#### Directions
Repeat every line from the line containing "Some of the text" to the end of the data, exactly. Leave the pictures out.

#### Records shown
-- Opening Marker --

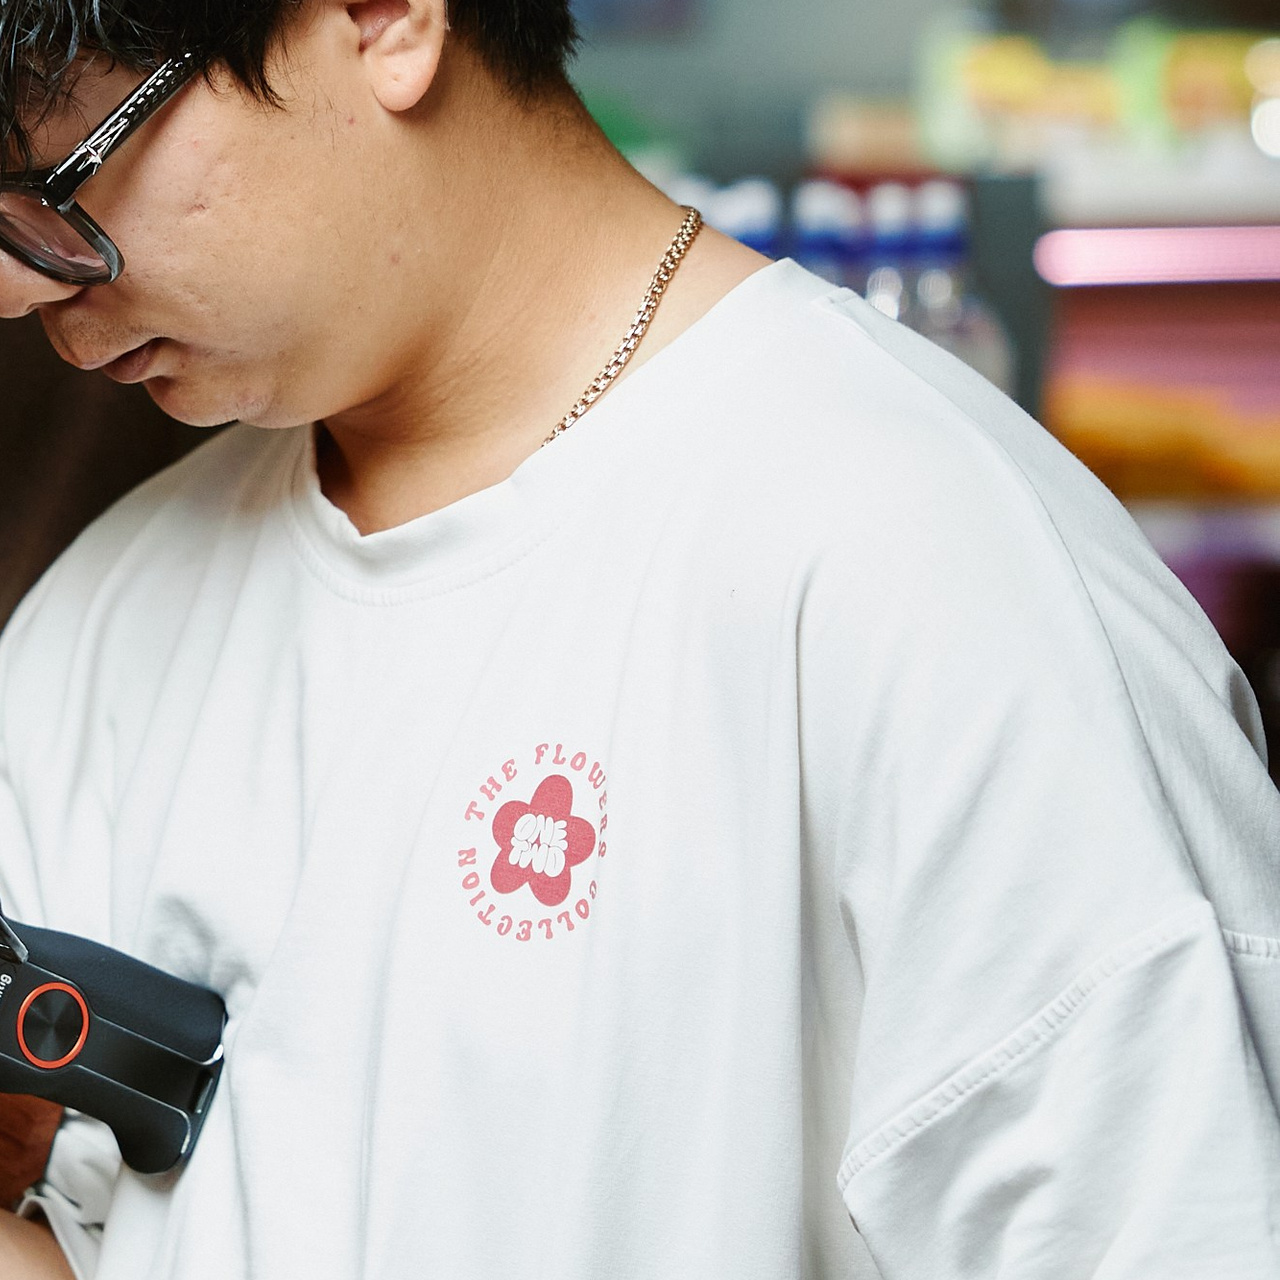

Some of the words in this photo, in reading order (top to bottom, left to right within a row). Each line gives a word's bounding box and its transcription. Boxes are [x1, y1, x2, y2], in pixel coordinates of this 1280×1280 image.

[464, 758, 517, 821] THE
[534, 743, 608, 858] FLOWERS
[508, 836, 566, 878] TWO
[513, 813, 568, 851] ONE
[457, 847, 598, 942] COLLECTION
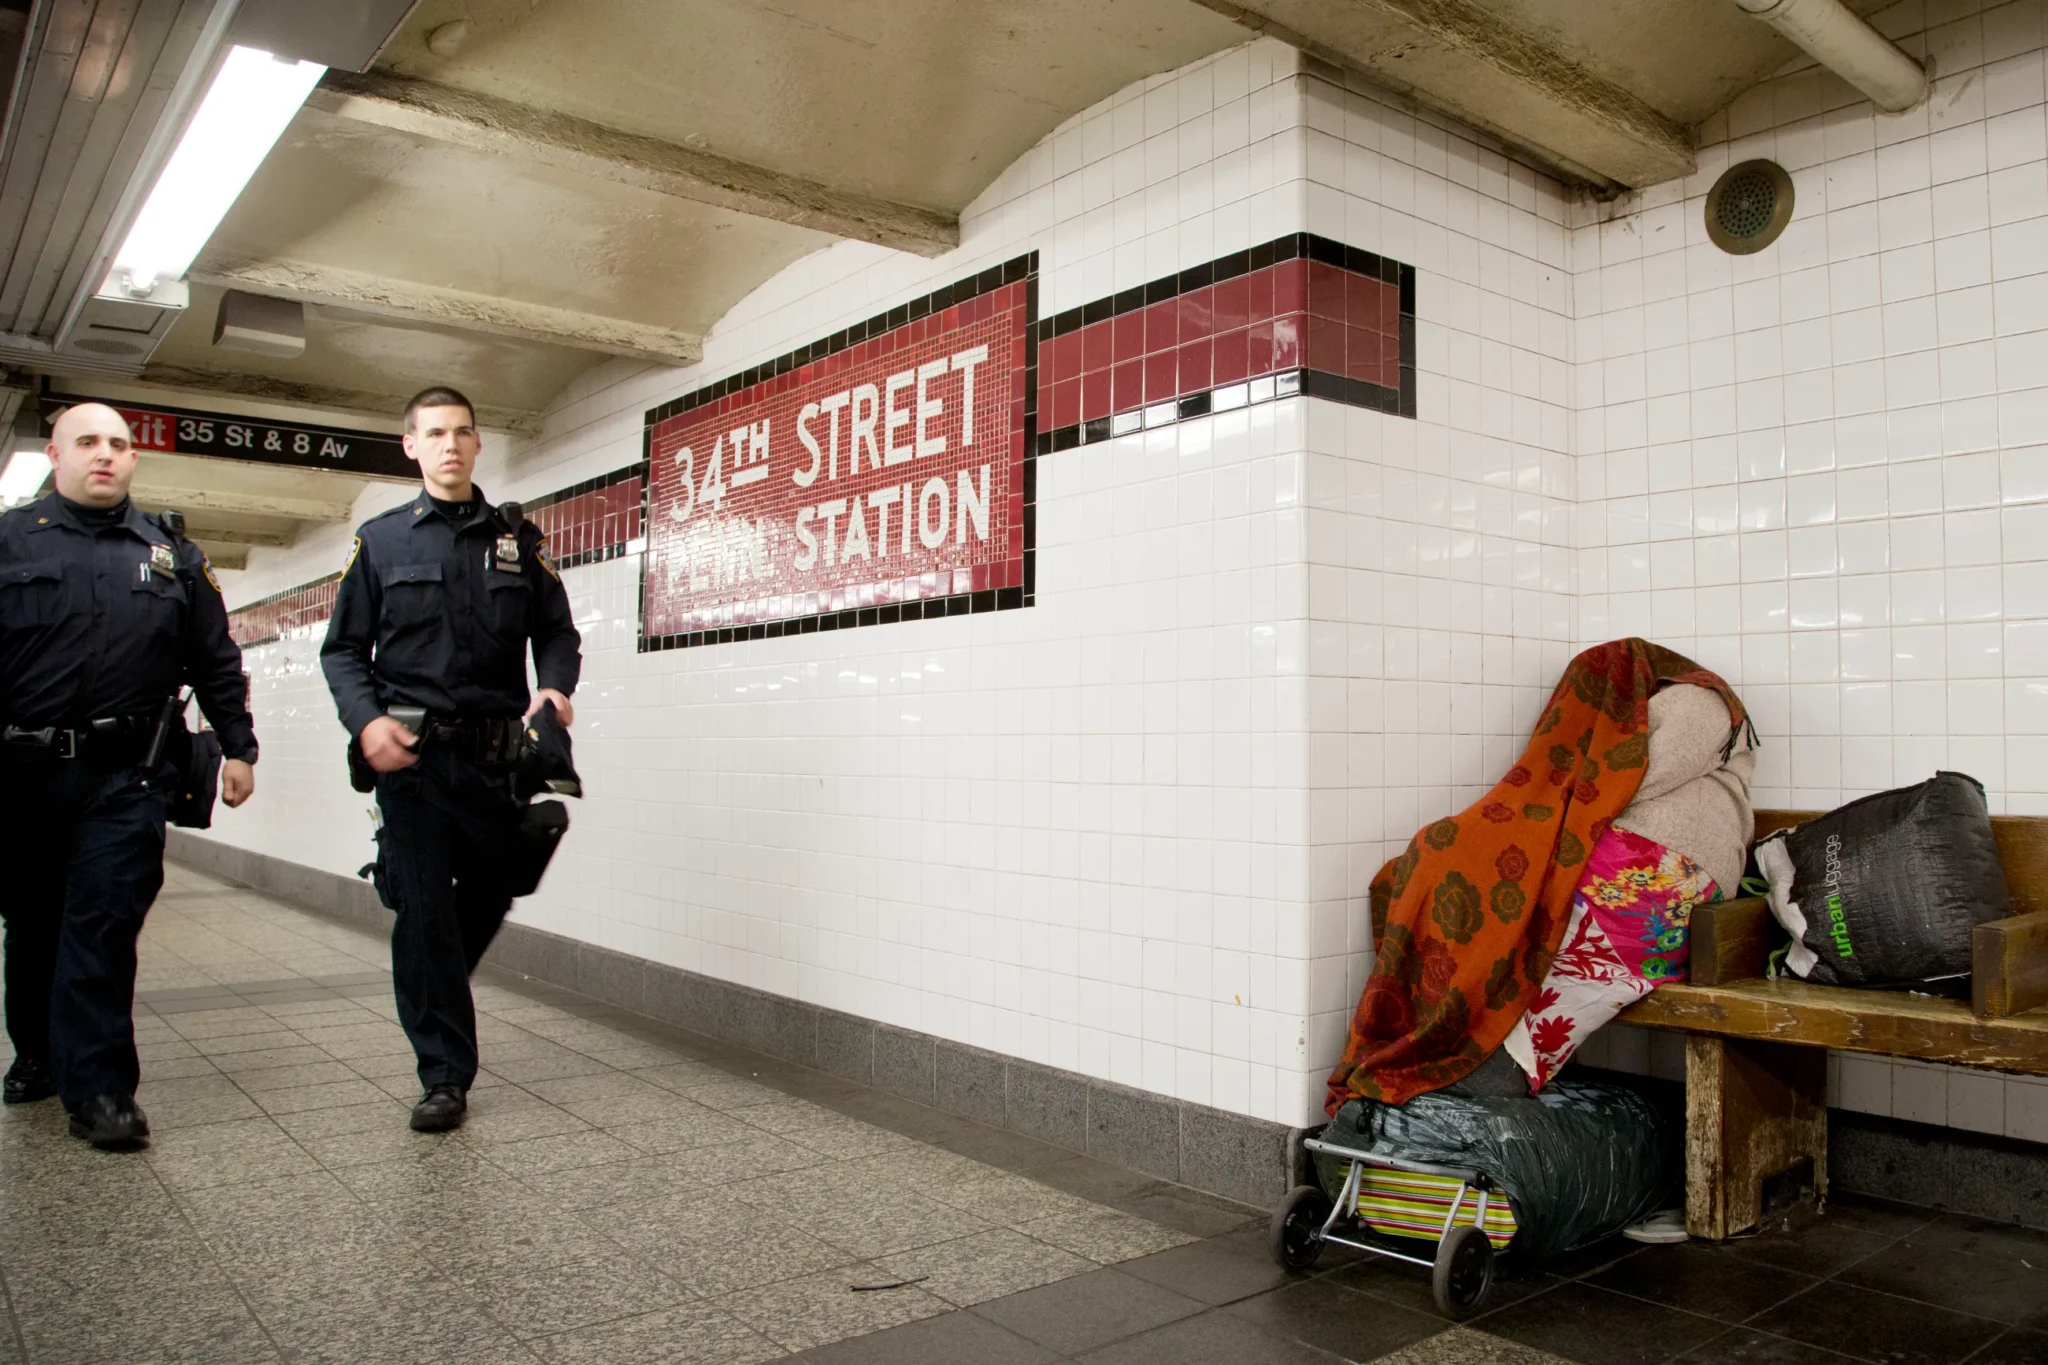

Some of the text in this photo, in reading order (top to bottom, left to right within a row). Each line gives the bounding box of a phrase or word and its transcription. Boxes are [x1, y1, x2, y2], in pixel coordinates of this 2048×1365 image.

[129, 415, 349, 459] xit 35 St & 8 Av
[669, 345, 989, 522] 34TH STREET
[793, 464, 991, 571] STATION
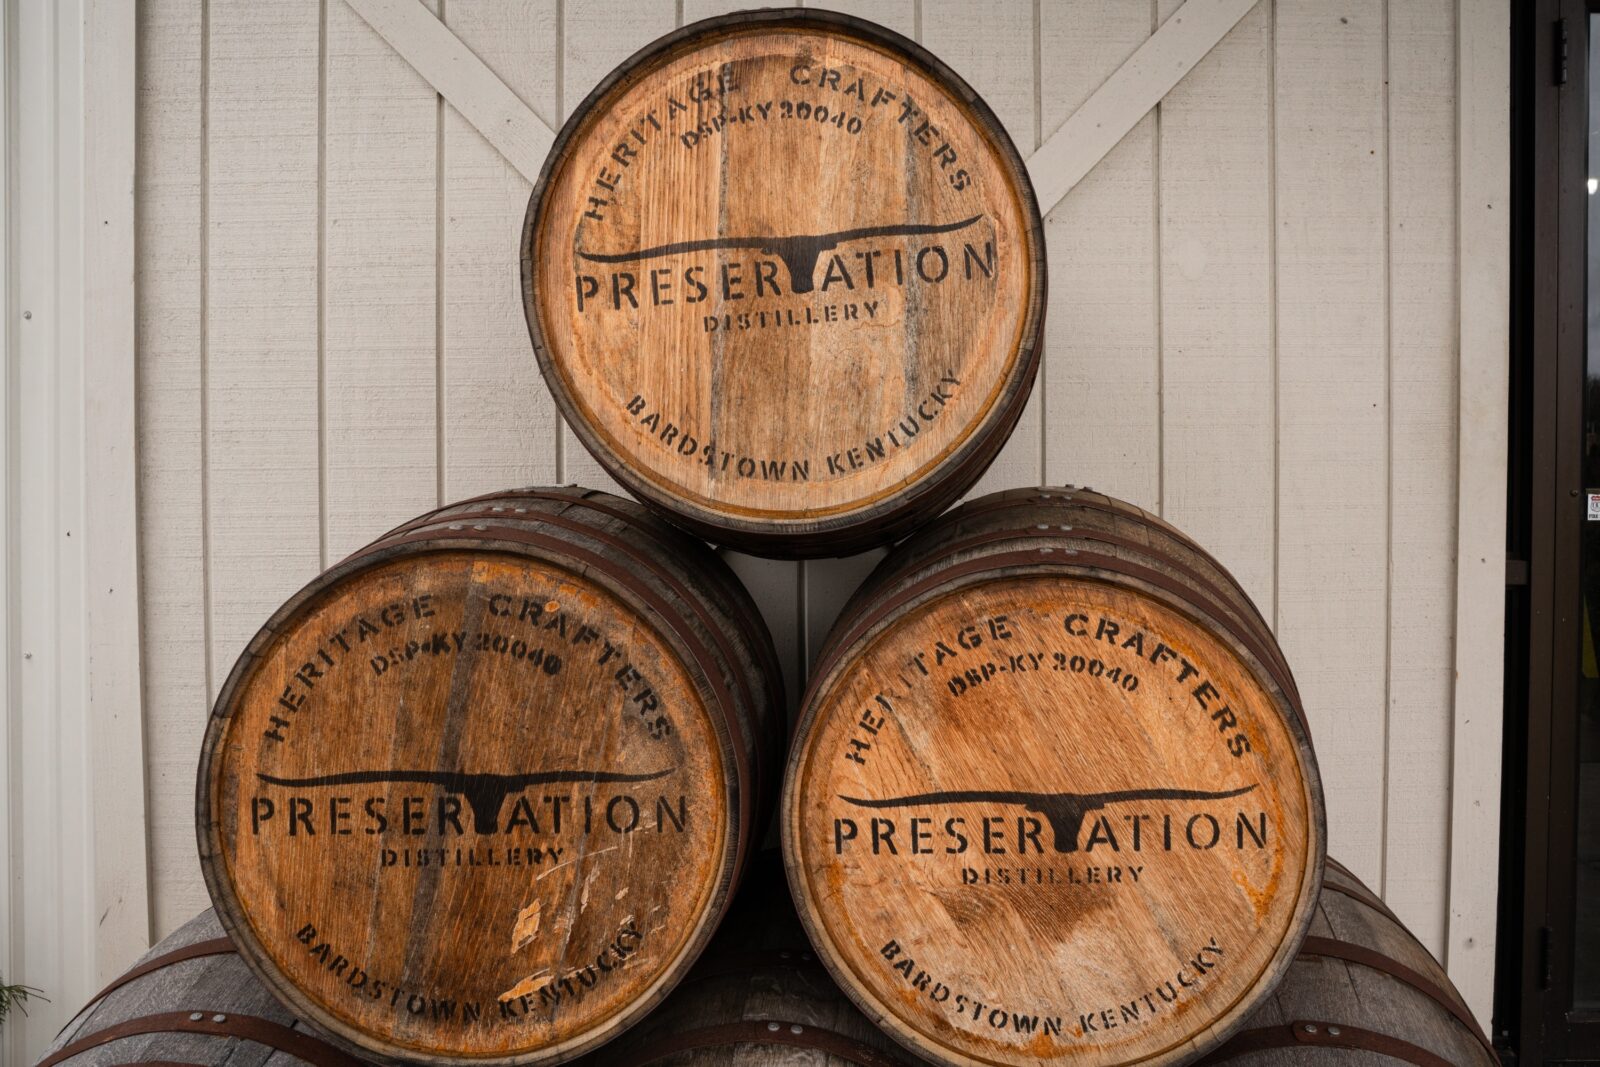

-- Closing Marker --

#### Response area
Some of the text in this photo, in reading order (top to bottom, left to right within a row). Each line gives the bounding box of a phrase or word and its transcription. Boxes are [x1, y1, x2, y2], in pixel coordinates of this 2048×1365 image.

[129, 415, 349, 459] xit 35 St & 8 Av
[669, 345, 989, 522] 34TH STREET
[793, 464, 991, 571] STATION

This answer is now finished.